July 29, 2015

Blake's 7: "Killer"

It's 20 February 1979, and time for more Blake's 7.

Avon and Vila teleport down to the planet Fosforon, where a Federation communications base holds a vital crystal needed to translate newly encrypted security transmissions. While they conspire with the base's corrupt commander, Blake is more concerned with a 700 year-old derelict spacecraft that's just entered Fosforon's orbit - and the possibility that there might be something alive inside.

Blake's 7 gets another new writer - its fourth - and thankfully it's of a much higher calibre than Allan Prior. Instead it's Robert Holmes, former Doctor Who script editor and one of the finest television script writers in the history of British television. He brings all of his talents to bear on the series, providing a well-constructed thriller that showcases one of the best combinations of characters the series will ever have.



Holmes had a couple of real loves when it came to script writing. One of them was dialogue: witty, well-crafted and perfectly suited to each character. In a series where the acerbic repartee between the leads is one of its strengths, bringing Holmes in to write an episode is a master-stroke. Another of Holmes' great loves was the double-act: two characters who could move through the episode together sparking dialogue off one another as they go. It's all over his Doctor Who scripts, whether it's Jago and Litefoot in "The Talons of Weng-Chiang" or Garron and Unstoffe in "The Ribos Operation", or even Dibber and Glitz in "The Trial of a Time Lord". Here he zeroes in on two of the series regulars - Avon and Vila - and finally sends them off on an episode together.

The relationship between Avon and Vila was already well formed by the time Holmes wrote "Killer", but it's never been so specifically highlighted. They work so well as a team, because despite any superficial dislikes each recognises the other has valuable skills that could keep the other alive. In this episode there's a deeper level of respect between the two than we've previously seen, and to an extent it foreshadows the strong focus the series will place on the pair during its third and particularly fourth season. Critically, Holmes doesn't write Vila as an idiot. A coward perhaps, but never stupid. The character works so much better in this fashion, giving him more depth and purpose than simply as comic relief.

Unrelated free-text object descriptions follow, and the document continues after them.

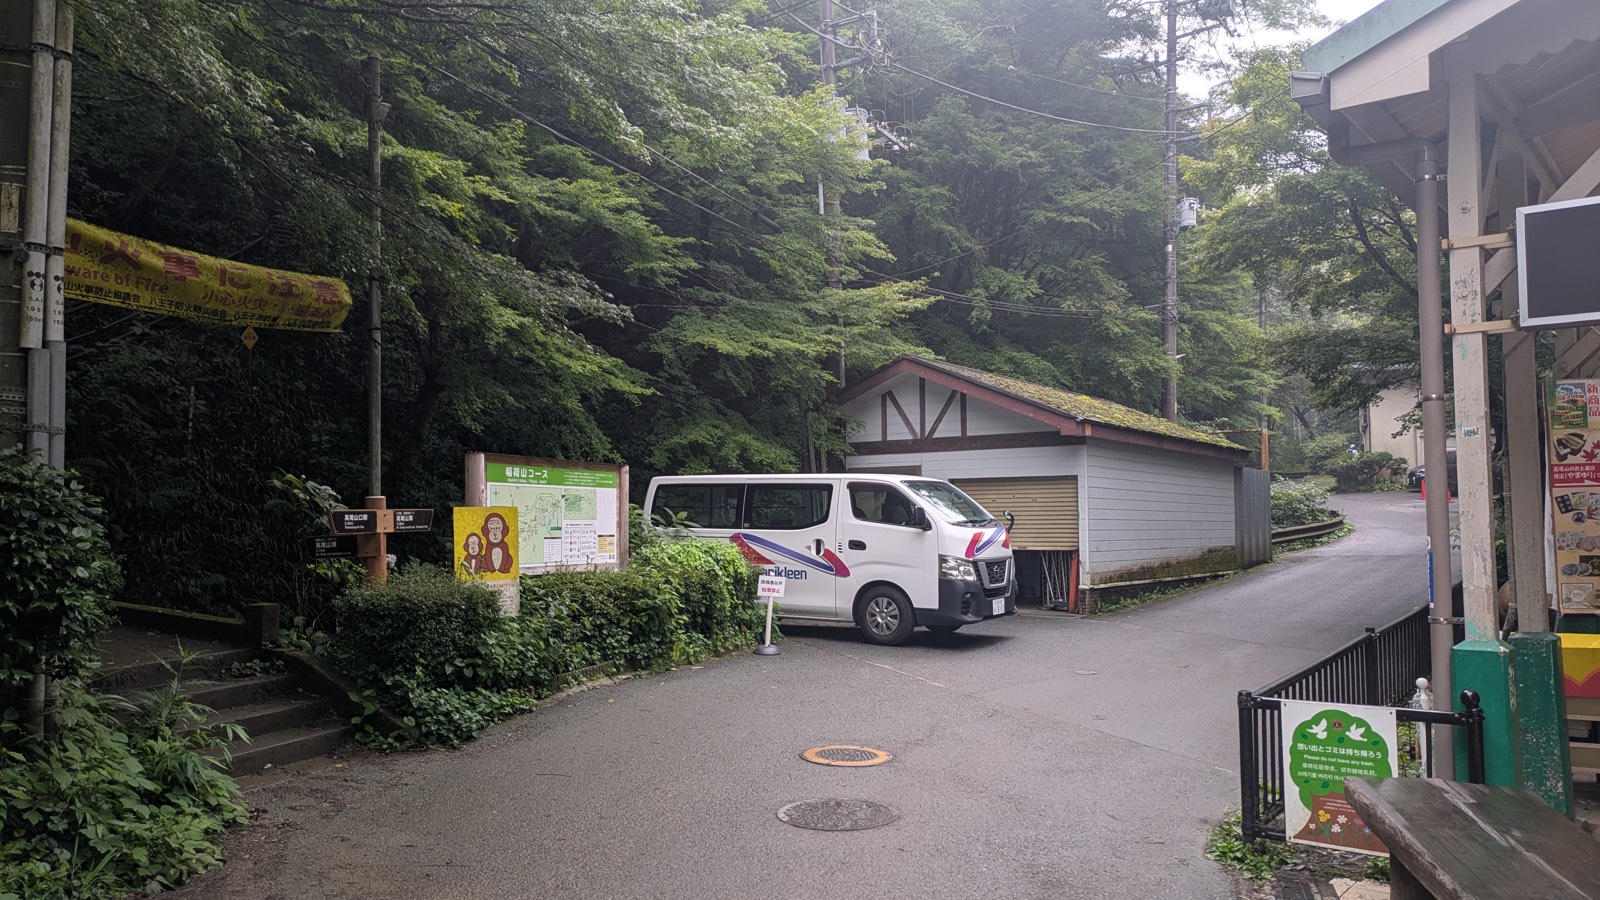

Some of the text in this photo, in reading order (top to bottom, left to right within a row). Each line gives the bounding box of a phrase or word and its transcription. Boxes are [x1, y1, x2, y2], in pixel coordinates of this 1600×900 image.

[114, 274, 131, 287] of
[135, 276, 170, 294] Fire
[1587, 383, 1600, 417] 新商品
[505, 466, 549, 479] 稲荷山コース
[1297, 742, 1382, 759] 想い出とゴミは持ち帰ろう
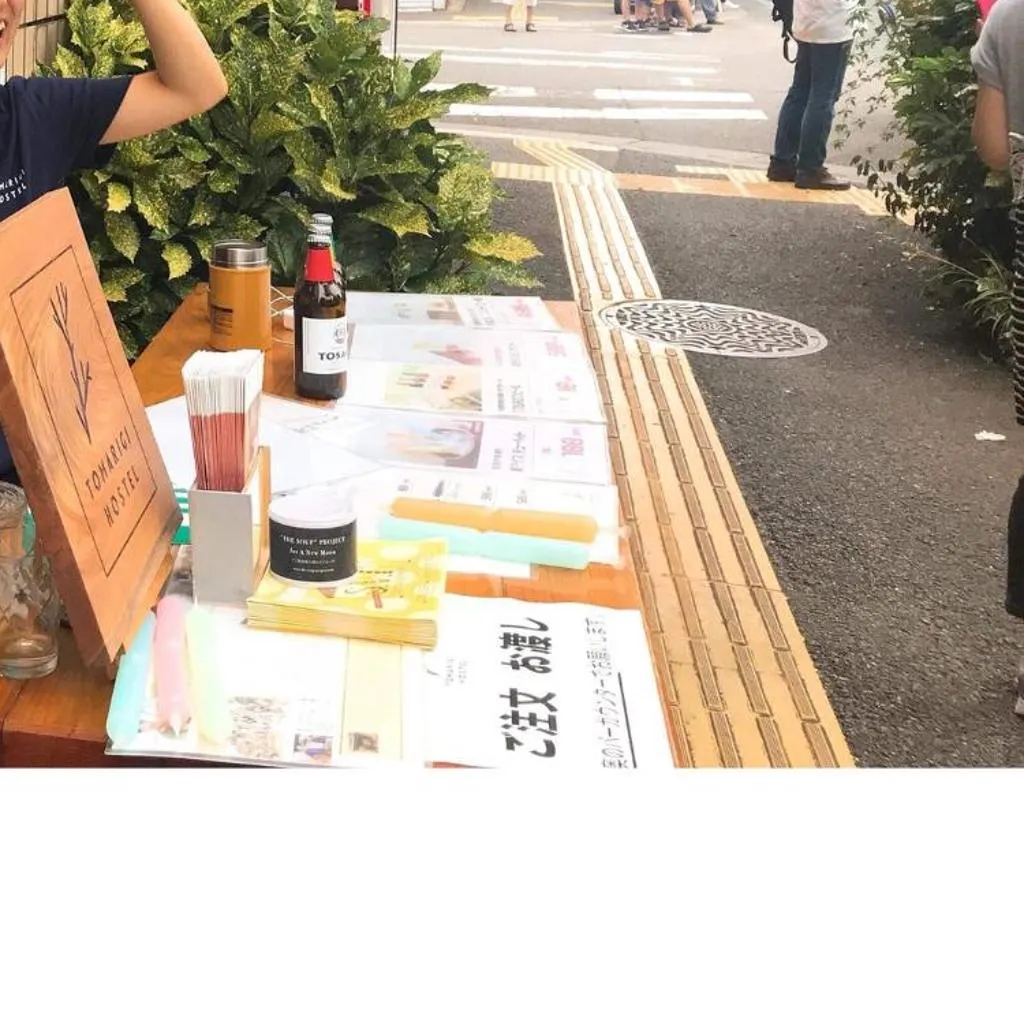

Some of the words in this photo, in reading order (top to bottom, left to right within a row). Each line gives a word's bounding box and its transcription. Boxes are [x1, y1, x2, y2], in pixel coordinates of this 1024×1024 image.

[85, 425, 132, 501] TOMARIGI
[103, 464, 140, 527] HOSTEL
[499, 617, 553, 674] お渡し
[499, 687, 558, 759] ご注文
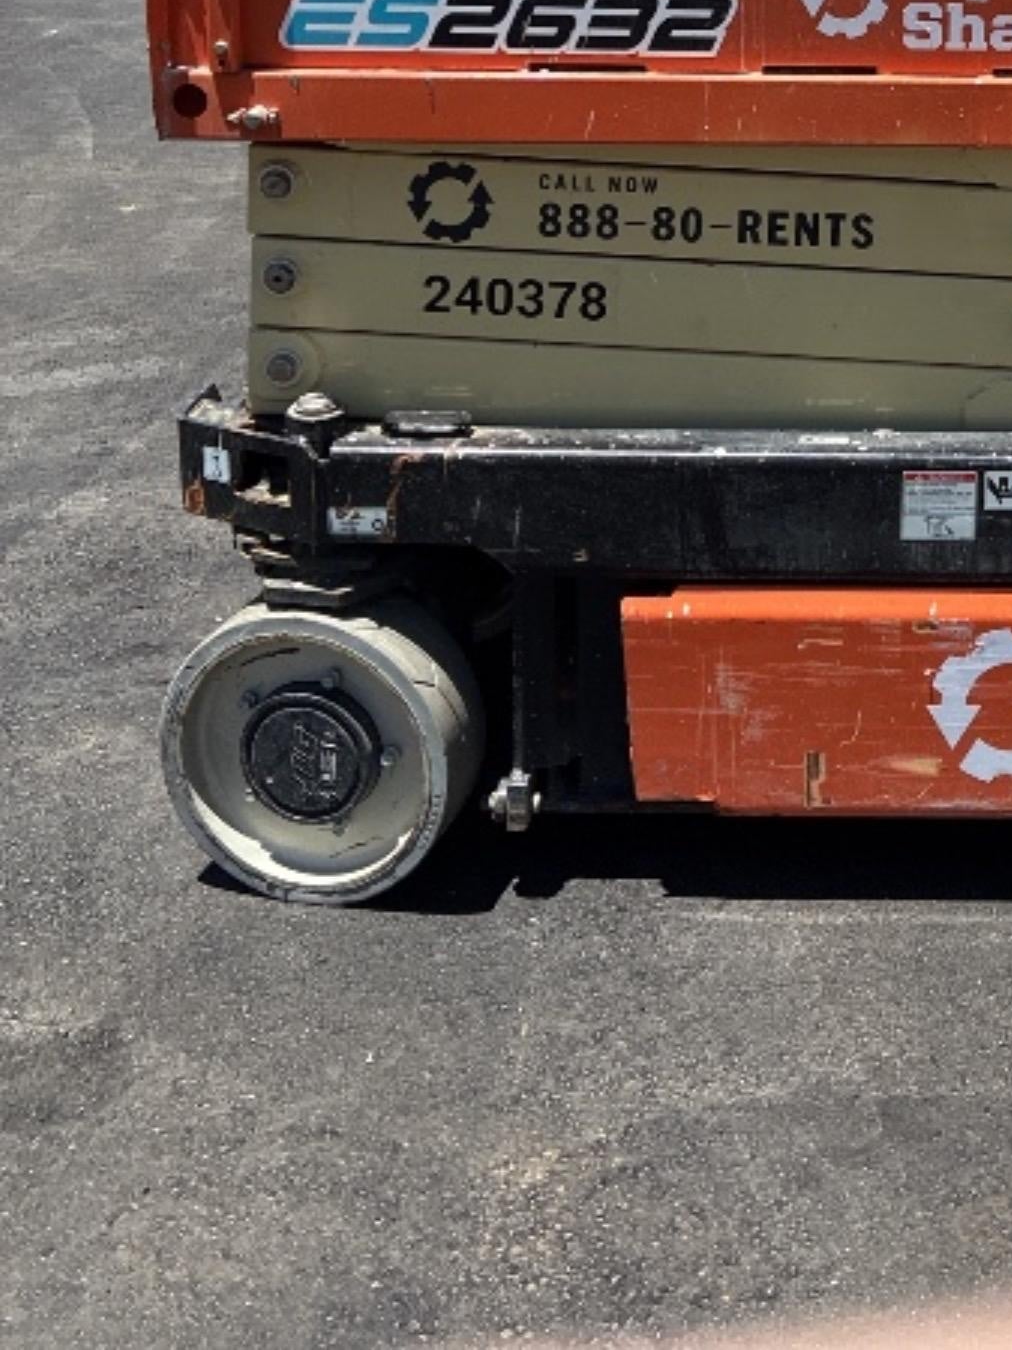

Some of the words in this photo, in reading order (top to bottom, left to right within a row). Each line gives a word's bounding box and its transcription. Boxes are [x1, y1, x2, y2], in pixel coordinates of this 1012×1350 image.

[538, 173, 595, 193] CALL
[608, 177, 659, 194] NOW
[538, 203, 875, 249] 888-80-RENTS
[423, 275, 608, 321] 240378

While Avon and Vila negotiate with the untrustworthy Tynus (Ronald Lacey), Blake is busy trying to work out how a 700 year-old long-forgotten spacecraft managed to get so far out into the galaxy. He takes the risk of teleporting down to the base himself to investigate with the medical team leader Dr Bellfriar. This storyline, which runs in parallel to Avon and Vila's, sees the base come under attack from a terrifyingly fast and lethal alien virus. It's pretty much the single-most horrific storyline that the series has undertaken so far. As a series produced primarily for an adult audience, Blake's 7 can push the envelope a little further than Doctor Who did. Holmes is thus able to push this storyline to a logical extreme that would never have been possible with the Doctor and Sarah Jane. For late 1970s television it's remarkably confronting stuff.

Of course nothing's perfect. While providing the three male leads with plenty to do, Holmes effectively sidelines Jenna and Cally completely. Cally gets nothing to do other than operate a teleport under Avon's instruction and psychically sense an alien intelligence on the abandoned ship. Jenna gets ever less, basically a series of pouts and frowns whenever it looks like Blake is going to put his life at risk. There's an element of condescension about the way Blake treats Jenna here that's actually rather repugnant.

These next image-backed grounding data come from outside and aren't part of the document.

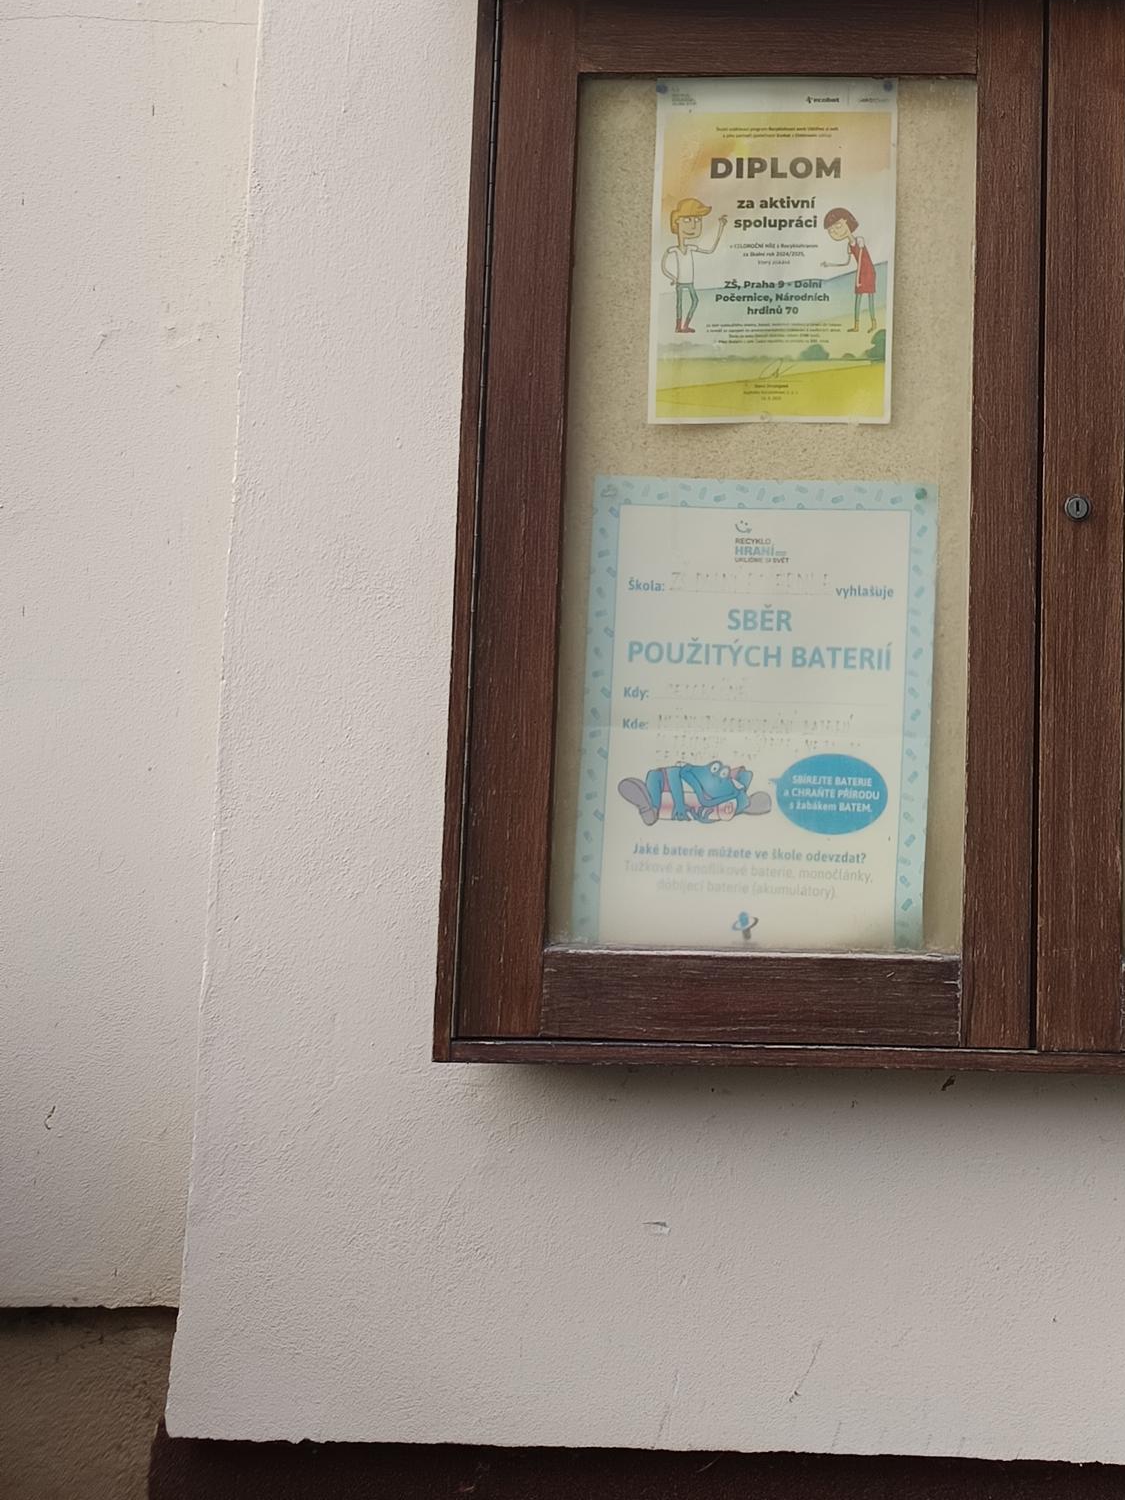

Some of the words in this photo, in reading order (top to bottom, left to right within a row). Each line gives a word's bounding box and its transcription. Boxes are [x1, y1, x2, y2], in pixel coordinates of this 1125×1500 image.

[710, 156, 842, 179] DIPLOM
[737, 199, 755, 209] za
[759, 196, 816, 209] aktivní
[734, 215, 817, 231] spolupráci
[724, 279, 740, 290] ZŠ,
[744, 280, 775, 288] Praha
[778, 280, 784, 288] 9
[794, 280, 822, 288] Dolní
[715, 293, 773, 304] Počernice,
[775, 293, 829, 301] Národních
[747, 305, 782, 315] hrdinů
[785, 306, 798, 315] 70
[734, 544, 774, 556] HRANÍ
[628, 577, 665, 591] Škola:
[836, 585, 894, 600] vyhlašuje
[727, 604, 792, 632] SBĚR
[628, 637, 782, 667] POUŽITÝCH
[791, 642, 893, 670] BATERIÍ
[624, 686, 649, 700] Kdy:
[622, 718, 648, 730] Kde:
[792, 775, 832, 785] SBÍREJTE
[835, 777, 872, 786] BATERIE
[791, 787, 835, 798] CHRAŇTE
[837, 788, 880, 800] PŘÍRODU
[795, 800, 836, 811] žabákem
[839, 802, 872, 812] BATEM.
[633, 843, 659, 855] Jaké
[662, 844, 704, 857] baterie
[708, 845, 752, 859] můžete
[754, 851, 768, 859] ve
[772, 848, 802, 861] škole
[806, 850, 866, 863] odevzdat?
[751, 866, 795, 879] baterie,
[799, 868, 873, 883] monočlánky,
[707, 882, 748, 894] baterie

Then there's the costuming, which pushes the series to previously untapped heights of ridicule. Technicians dressed like cockroaches, quarantine officials dressed like Michelin Men, and firefighters dressed like hot water bottles. June Hudson clearly had a field day, but it does make quite a few scenes very difficult to take seriously.

Overall this is a great episode of Blake's 7. It remains one of my personal favourites. Seven episodes in, and this makes five good ones. The quality ratio rises to 71 per cent.